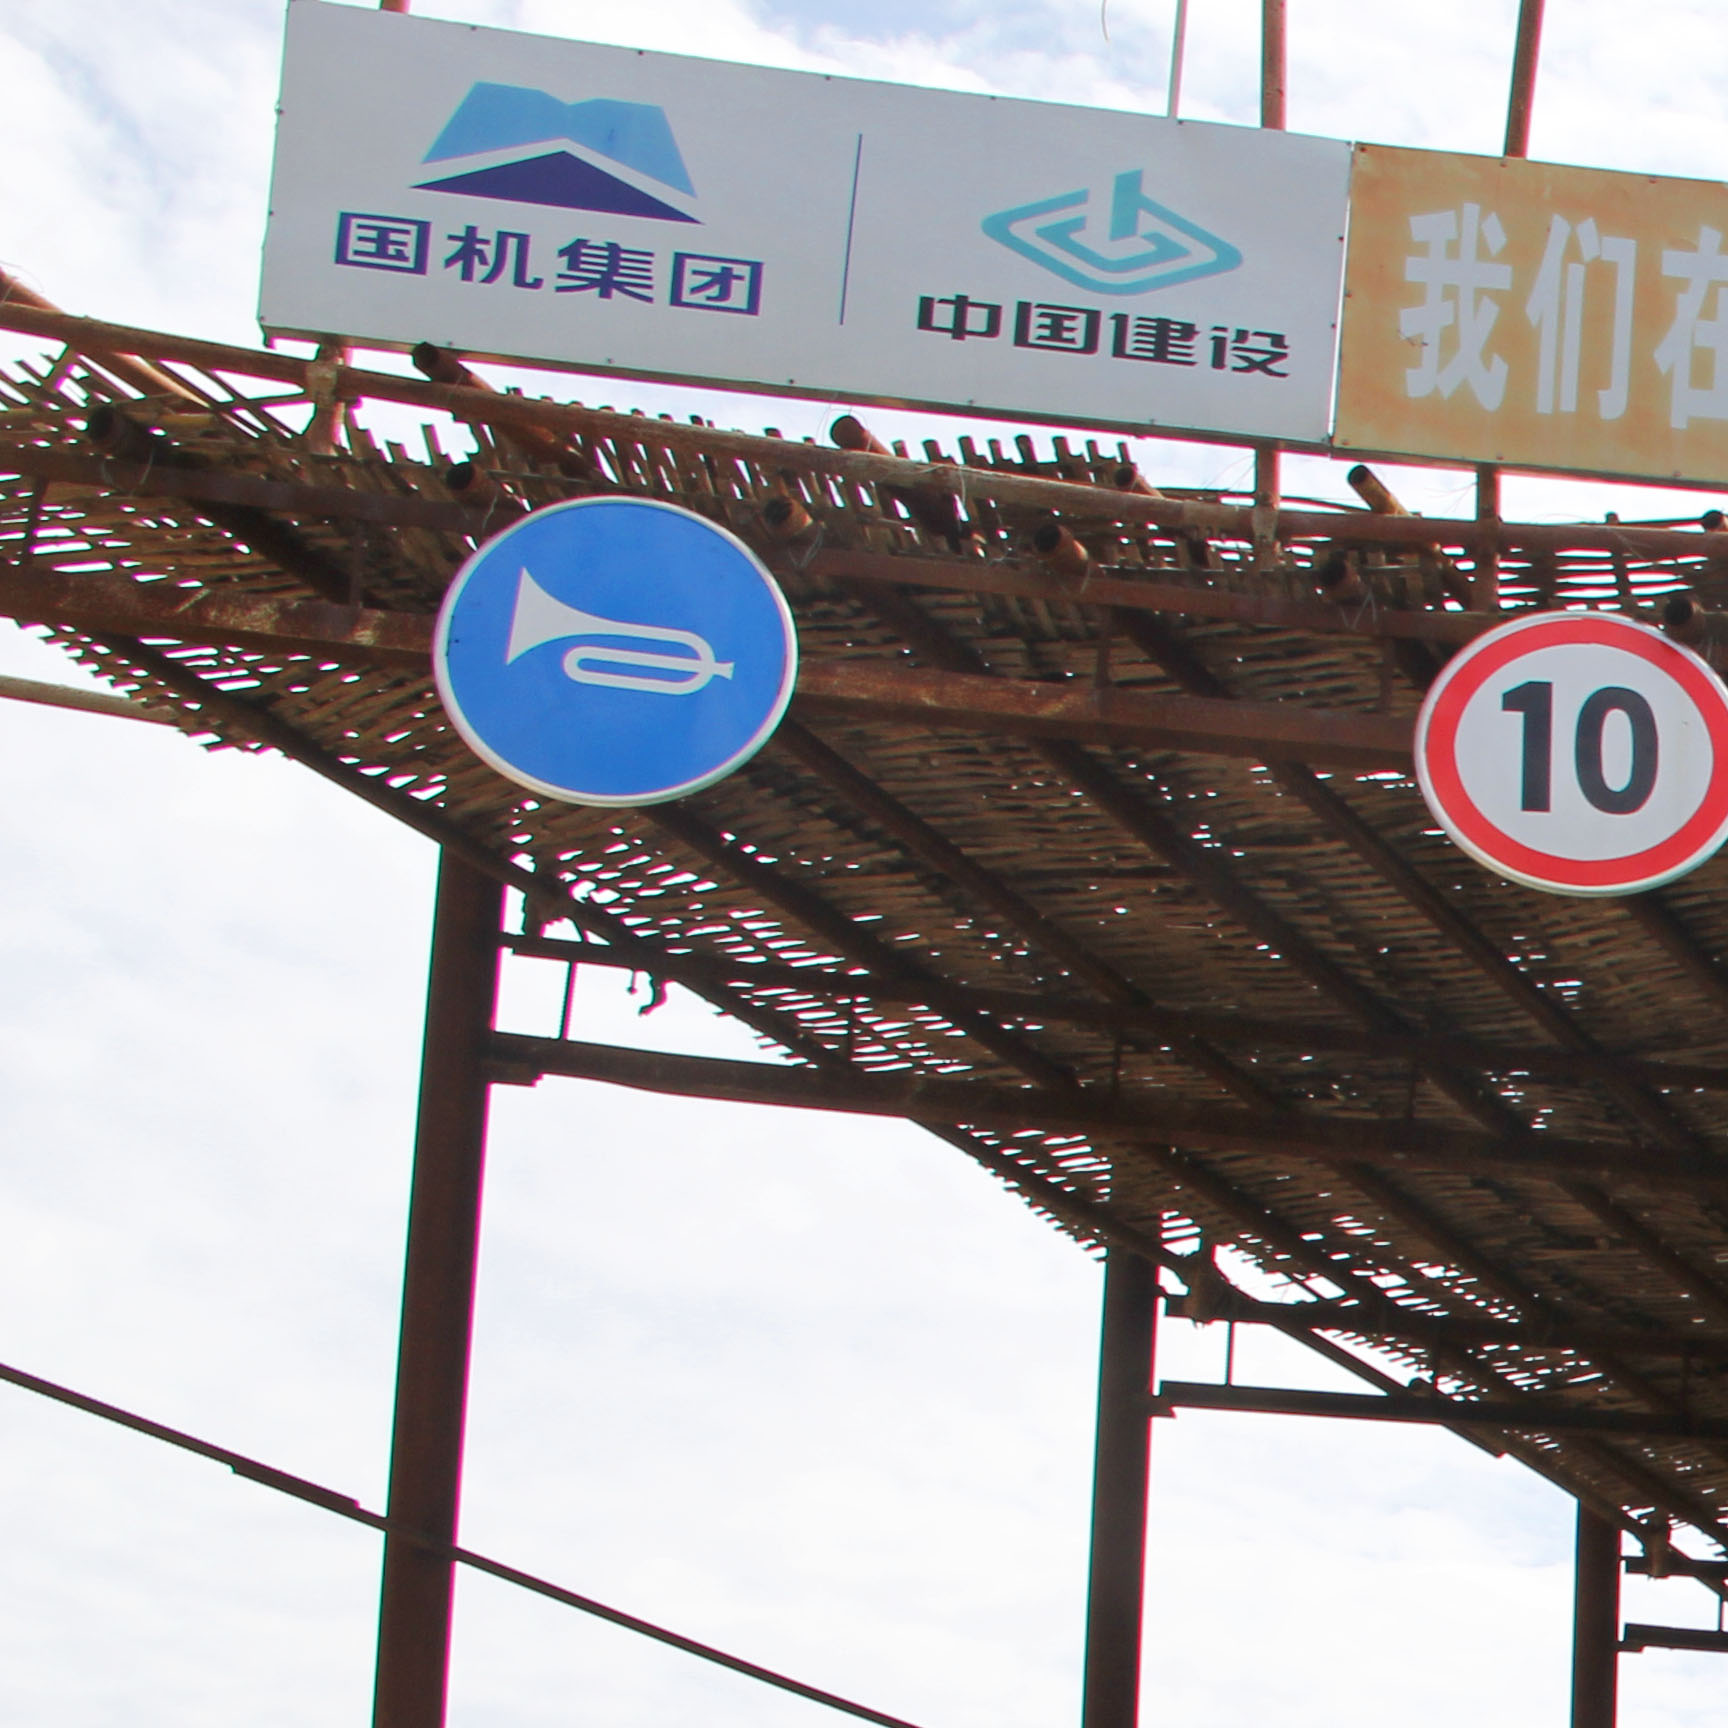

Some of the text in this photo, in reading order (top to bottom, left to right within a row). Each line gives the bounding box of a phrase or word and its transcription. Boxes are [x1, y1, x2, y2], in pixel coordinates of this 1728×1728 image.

[334, 211, 765, 318] 国机集团
[916, 294, 1292, 379] 中国建设
[1501, 681, 1659, 815] 10
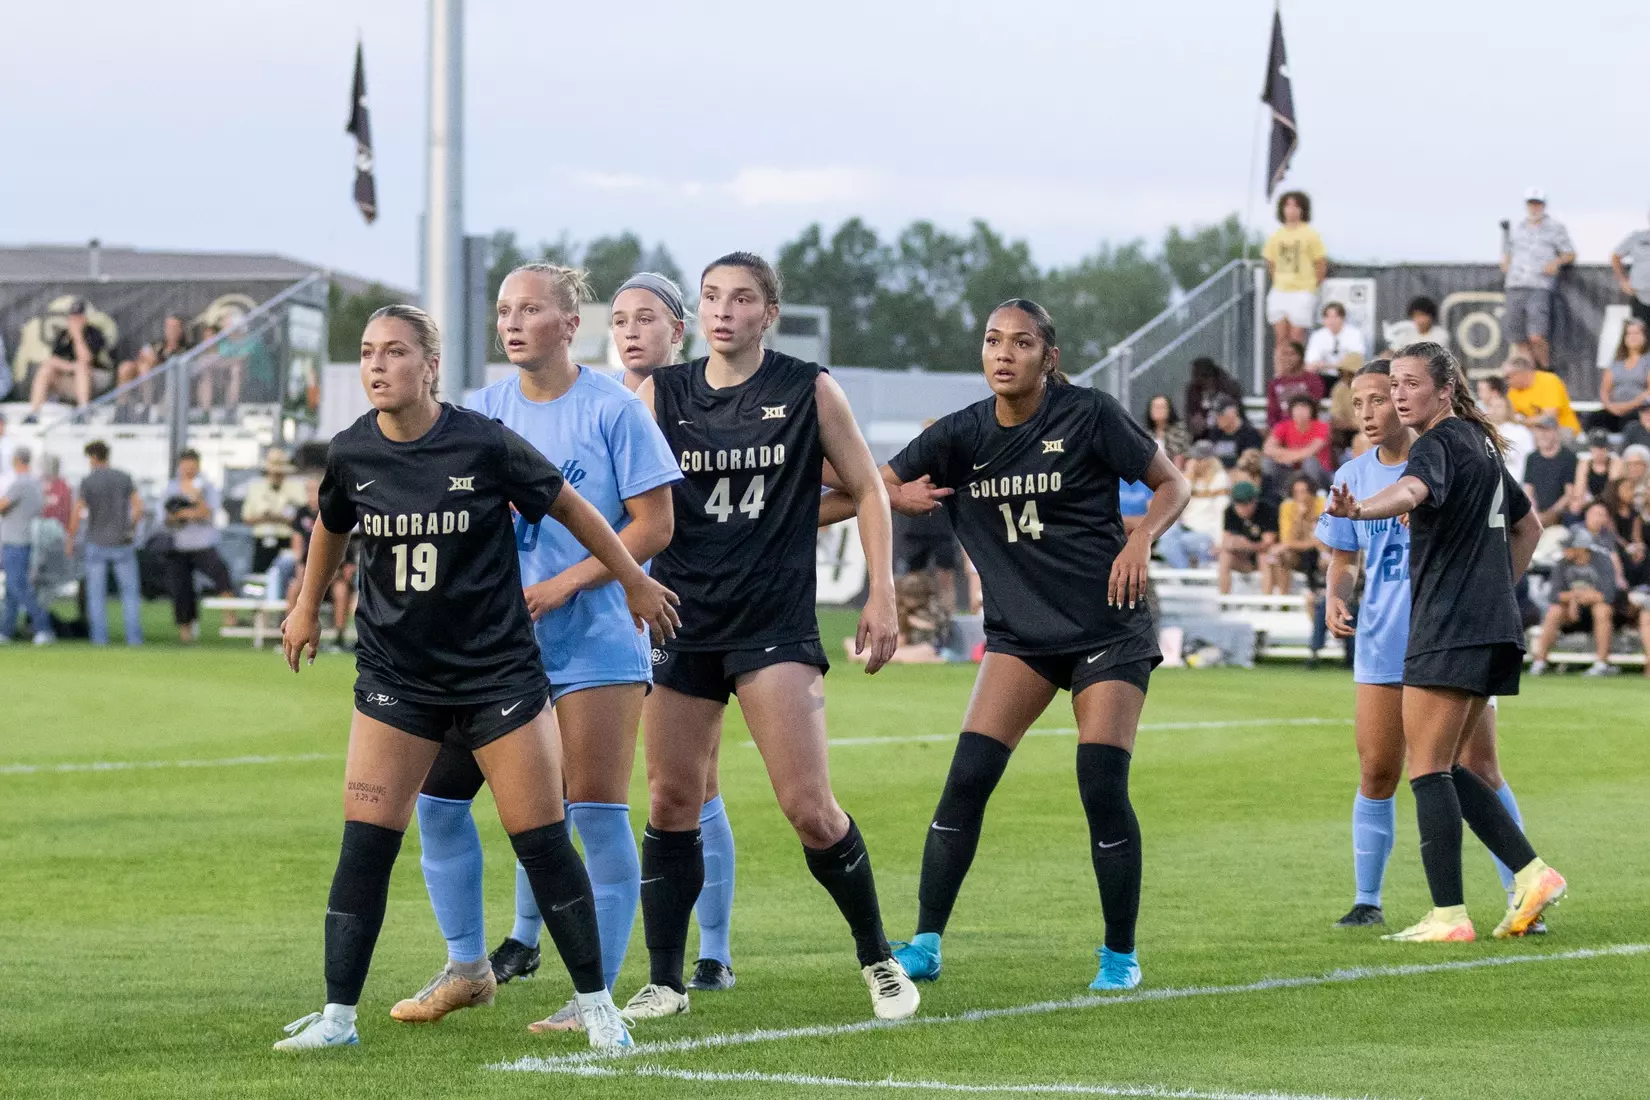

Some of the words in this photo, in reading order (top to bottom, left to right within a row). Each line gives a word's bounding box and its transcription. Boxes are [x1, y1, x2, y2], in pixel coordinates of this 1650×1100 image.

[681, 444, 785, 472] COLORADO
[704, 475, 765, 522] 44
[969, 472, 1062, 498] COLORADO
[364, 510, 470, 536] COLORADO
[998, 500, 1044, 543] 14
[391, 543, 438, 592] 19

════════

Write the material out again exactly as it appears, dropping the pictures.

### [Answer to this problem]
Some of the text in this photo, in reading order (top to bottom, left to right within a row). Each line gives the bounding box of a phrase or word and its transcription. Boxes are [x1, y1, x2, y2], in pixel coordinates of this 1728×1728 image.

[334, 211, 765, 318] 国机集团
[916, 294, 1292, 379] 中国建设
[1501, 681, 1659, 815] 10

Some of the words in this photo, in reading order (top to bottom, left to right within a row). Each line gives a word's bounding box and its transcription. Boxes are [x1, y1, x2, y2], in pixel coordinates of this 1650×1100 image.

[681, 444, 785, 472] COLORADO
[704, 475, 765, 522] 44
[969, 472, 1062, 498] COLORADO
[364, 510, 470, 536] COLORADO
[998, 500, 1044, 543] 14
[391, 543, 438, 592] 19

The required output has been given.